Restate the data below word for word, and let no image into your version.
━━ INFORMATION SHOWN
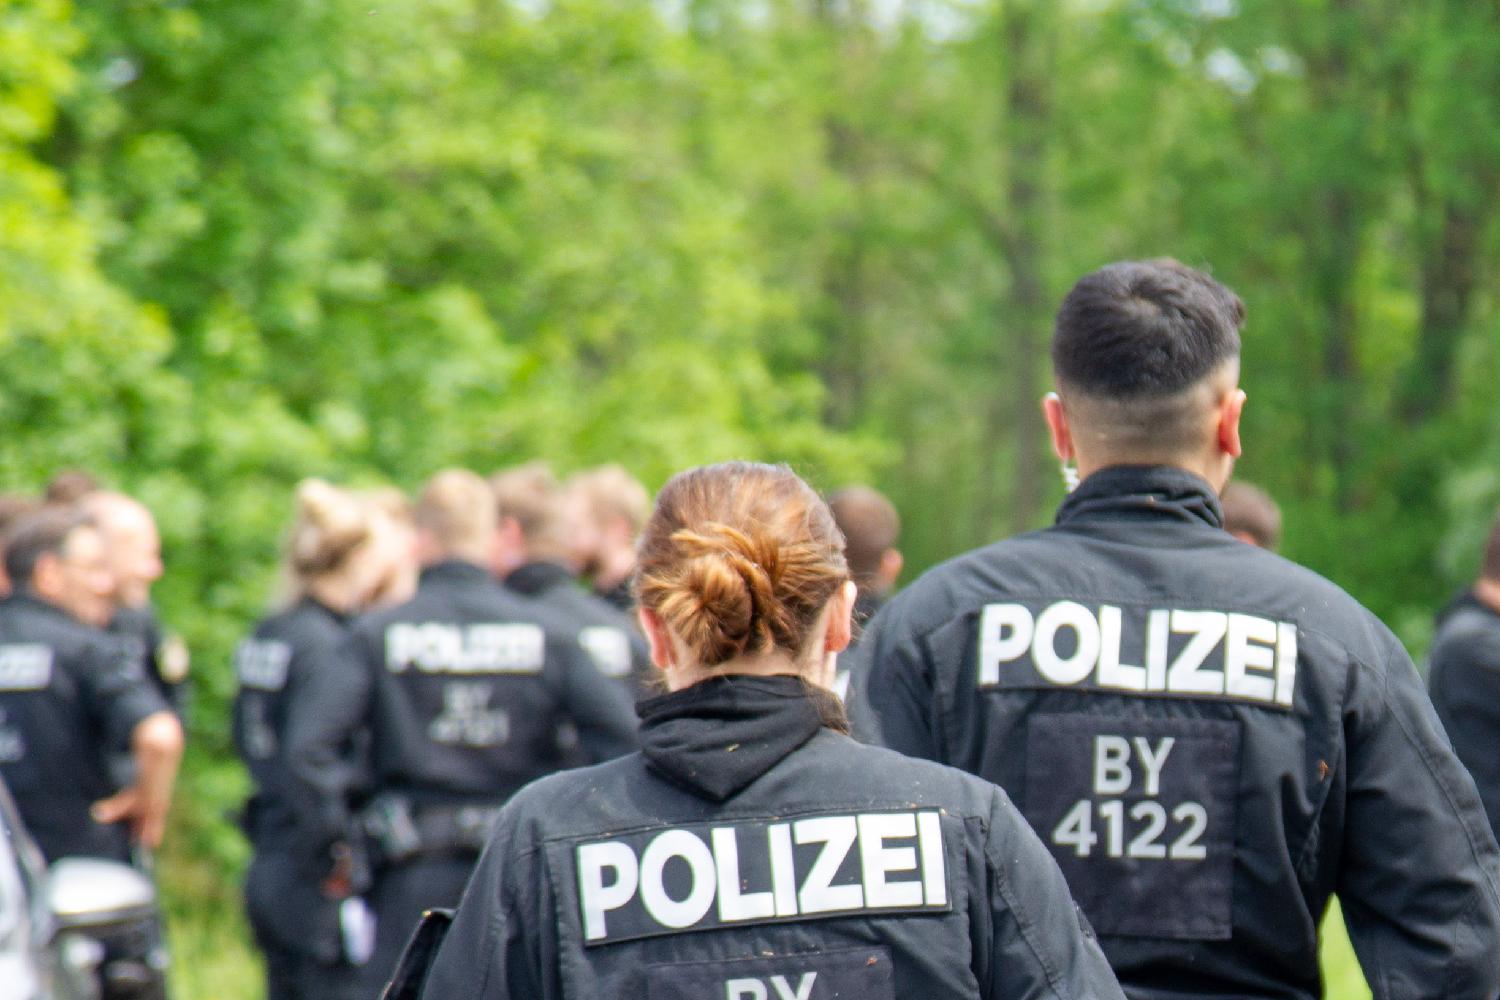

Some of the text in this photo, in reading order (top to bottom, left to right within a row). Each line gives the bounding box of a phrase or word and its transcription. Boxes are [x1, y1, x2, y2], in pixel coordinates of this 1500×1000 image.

[978, 600, 1299, 706] POLIZEI
[1093, 735, 1175, 796] BY
[1051, 799, 1208, 860] 4122
[577, 811, 948, 940] POLIZEI
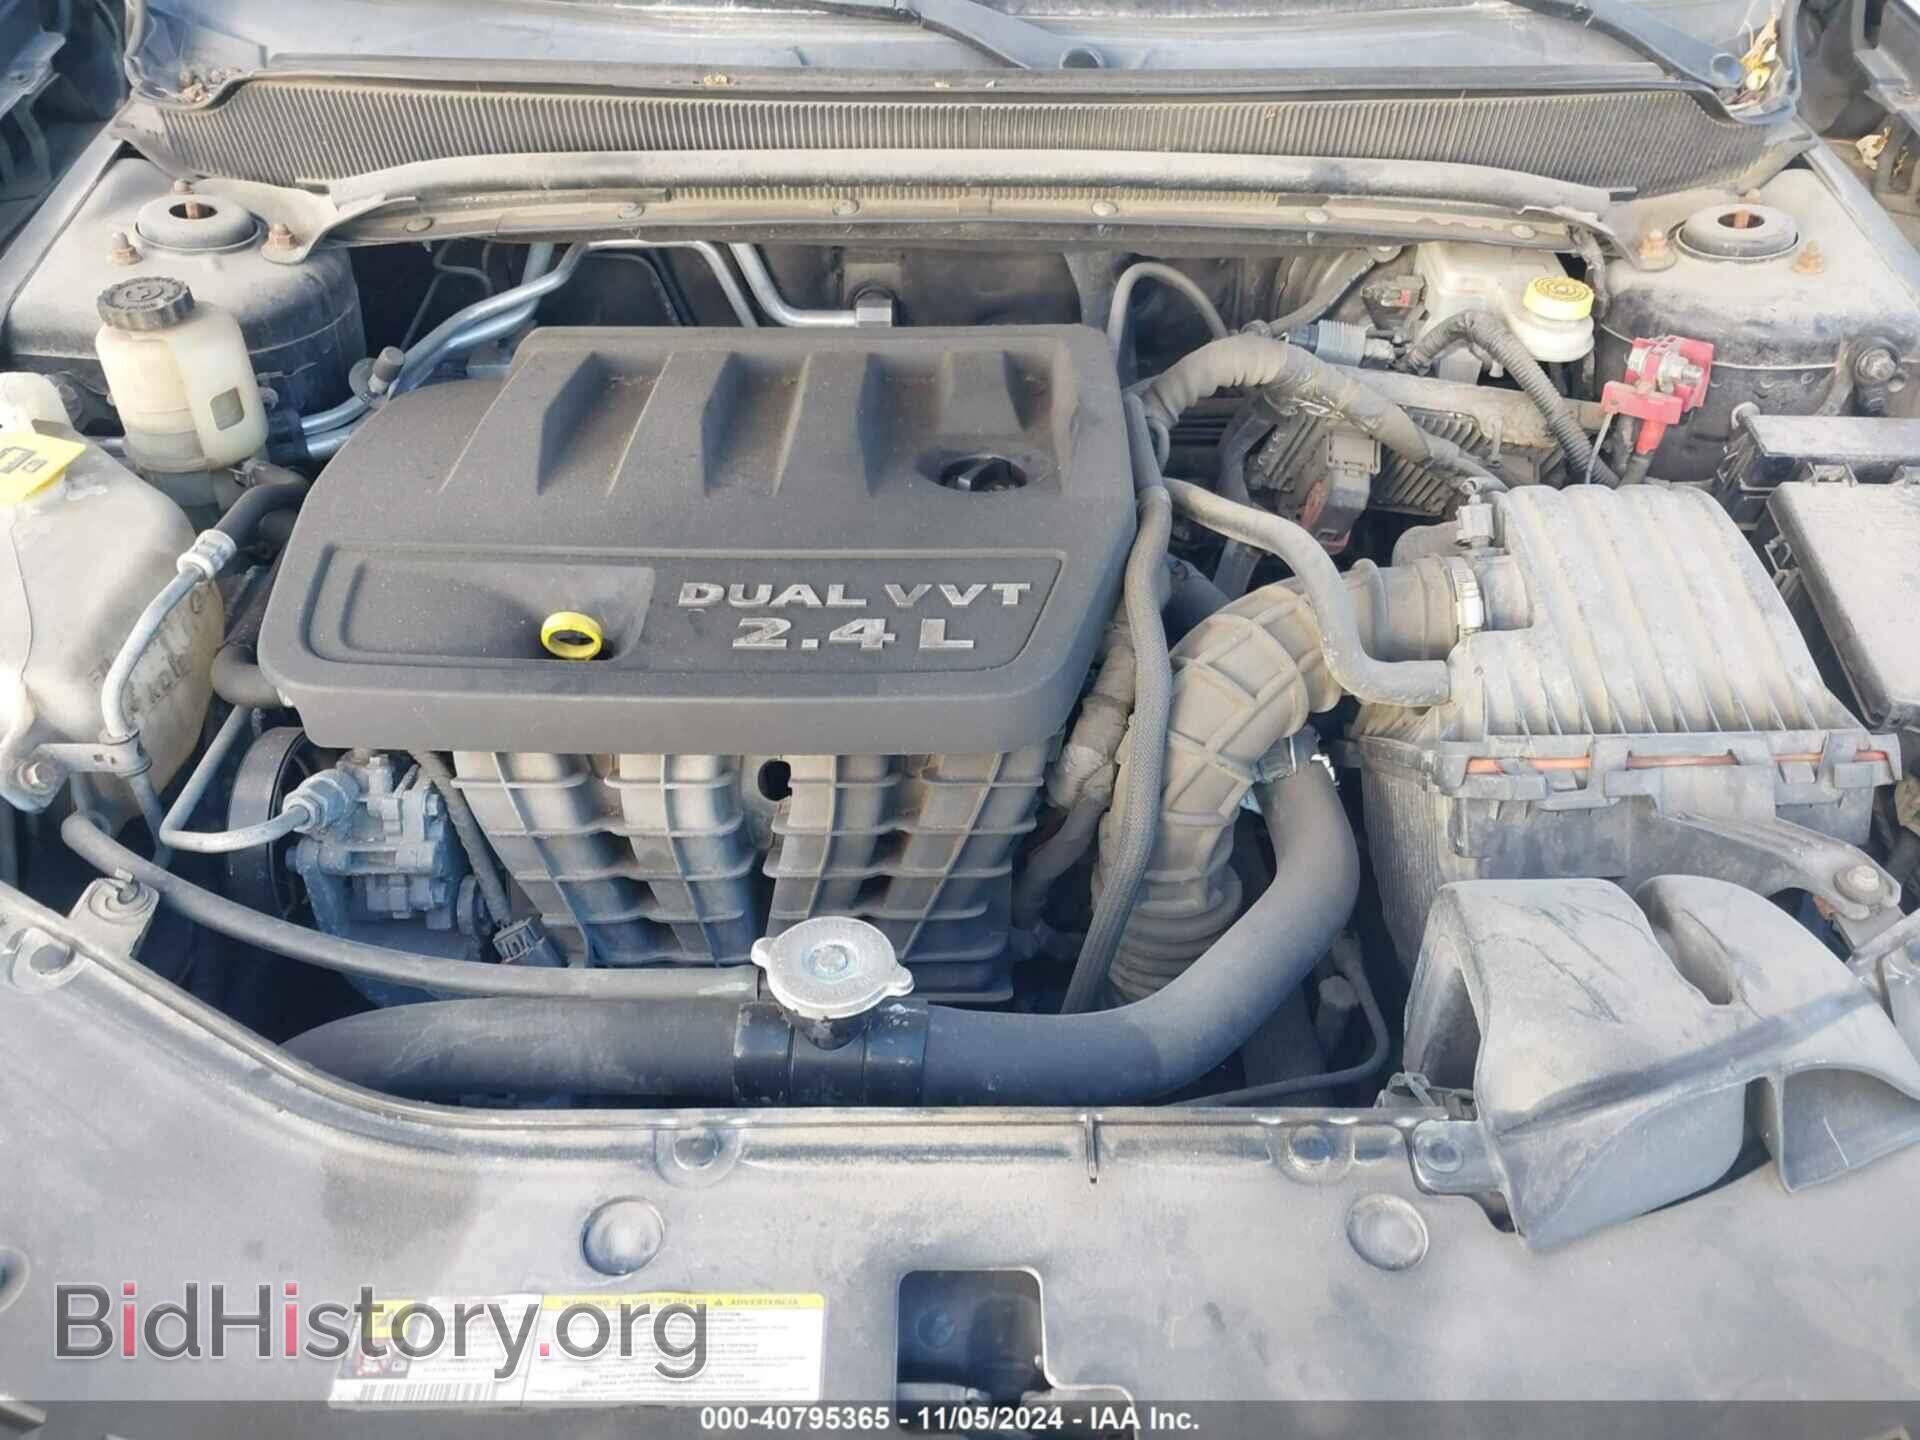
━━━━
• _SOLVED PROBLEM_:
Some of the text in this photo, in reading order (top to bottom, left to right within a row). Each line gives the bounding box of a phrase or word and its transcription. Boxes are [x1, y1, x2, y2], in pixel coordinates of this 1500×1000 image.

[978, 600, 1299, 706] POLIZEI
[1093, 735, 1175, 796] BY
[1051, 799, 1208, 860] 4122
[577, 811, 948, 940] POLIZEI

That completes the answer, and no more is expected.